Sosyal medya, e-posta ve anlık mesajlaşma uygulamaları, hayatımızı kolaylaştırdı; ancak bu hızın bir bedeli var. Dilin kuralları önemsizleşti. İmla kuralları lüks, noktalama işaretleri ise gereksiz birer zaman kaybı olarak görülüyor. "Merhaba" yerine "slm", "ne haber" yerine "nbr", "tamam" yerine "ok" veya sadece "tmm"... Bu kısaltmalar zinciri, sadece yazışma dilini yıpratmakla kalmıyor, düşünce yapımızı da sığlaştırıyor. Sürekli kısaltmalarla ve eksik cümlelerle iletişim kuran bir nesil, dilin o derin ve zengin ifade gücünden ne kadar faydalanabilir? Dijitalde başlayan bu özensiz kullanım, hızla günlük konuşma diline sızıyor ve dilin ortak anlaşılabilirlik zeminine zarar veriyor.
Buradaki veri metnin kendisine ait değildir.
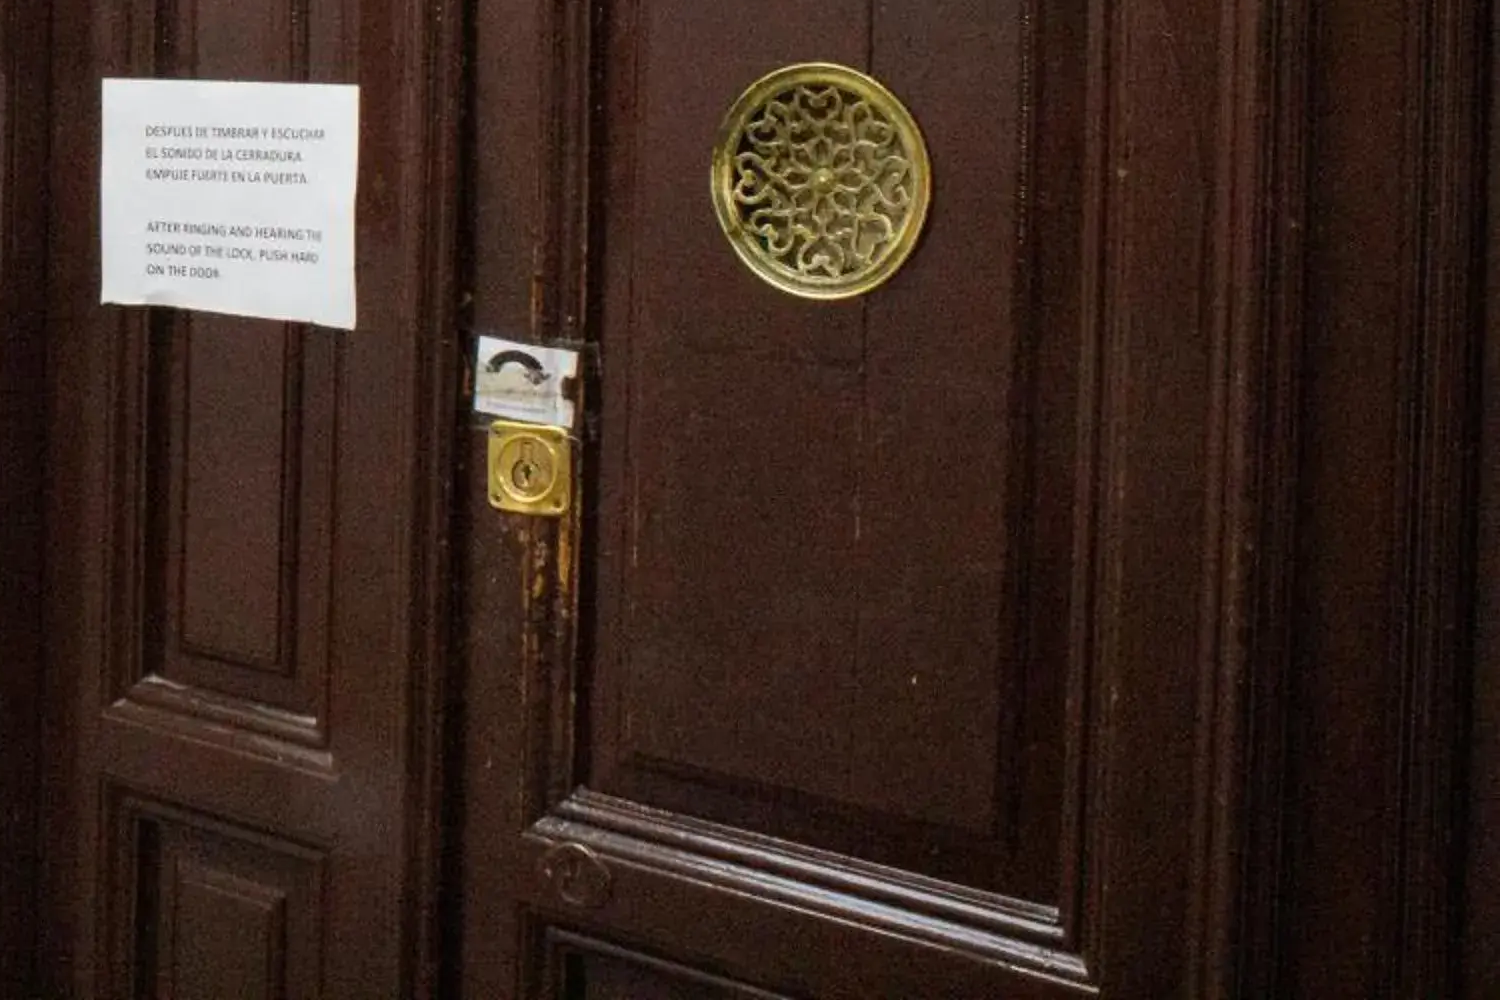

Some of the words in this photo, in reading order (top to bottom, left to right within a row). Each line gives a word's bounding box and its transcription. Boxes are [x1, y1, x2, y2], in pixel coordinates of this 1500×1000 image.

Dijitalleştik, peki ya dilimiz?
Ayrıca dijitalleşme, beraberinde yoğun bir yabancı terminoloji akınını da getirdi. Teknoloji, yazılım, oyun, pazarlama... Hangi alana baksak, İngilizce terimler adeta ana dilimizle rekabet ediyor: "influencer", "story", "post", "swipe up", "streaming"... Elbette, bilimin ve teknolojinin evrensel dilinden tamamen kaçınmak mümkün değil. Ancak, Türkçe karşılığı olan kelimeleri bile bile yabancı dilde kullanmak, dilimizin kendi kendine yetme gücüne vurulan bir darbedir. Türkçenin gücü, kendi kavramlarını yaratma yeteneğinde yatar. Bu gücü kullanmak yerine, yabancı kelimelerin istilasına izin vermek, milli kimliğimizin önemli bir parçasını gönüllü olarak terk etmek anlamına gelebilir.
Peki, bu olumsuz tablo kaçınılmaz bir son mu?
Elbette hayır. Dijitalleşme, aynı zamanda Türkçeyi yüceltmek için devasa bir fırsat sunar. Bu süreci tersine çevirmek, bilinçli eylemlerle mümkündür. Kurumlar, medya kuruluşları ve uzmanlar yazım ve dil bilgisi kurallarına hassasiyet göstererek dijital alanda doğru kullanım normunu belirlemelidir. Ayrıca, Türk Dil Kurumu'nun (TDK) dijital kaynakları, yazım ve imla kılavuzları bir tık uzağımızdadır; bu araçları kullanarak anlık doğrulama yapmak, hepimizin sorumluluğudur. En önemlisi dijital platformlarda zengin, özenli ve güçlü bir Türkçe ile içerik üretmek, genç nesillere dilin sadece bir iletişim aracı değil; aynı zamanda bir sanat ve ifade gücü olduğunu da gösterecektir.
Dilimizi korumak, bir kanun meselesi değil; bir kültür ve bilinç meselesidir. Klavyelerimizdeki her tuş vuruşu tercihimizi ortaya koyar. Türkçeyi, kısaltmaların ve yabancı kelimelerin sığ denizinde boğmak yerine, dijital çağın sunduğu olanaklarla besleyerek geleceğe taşımak hepimizin ortak borcudur.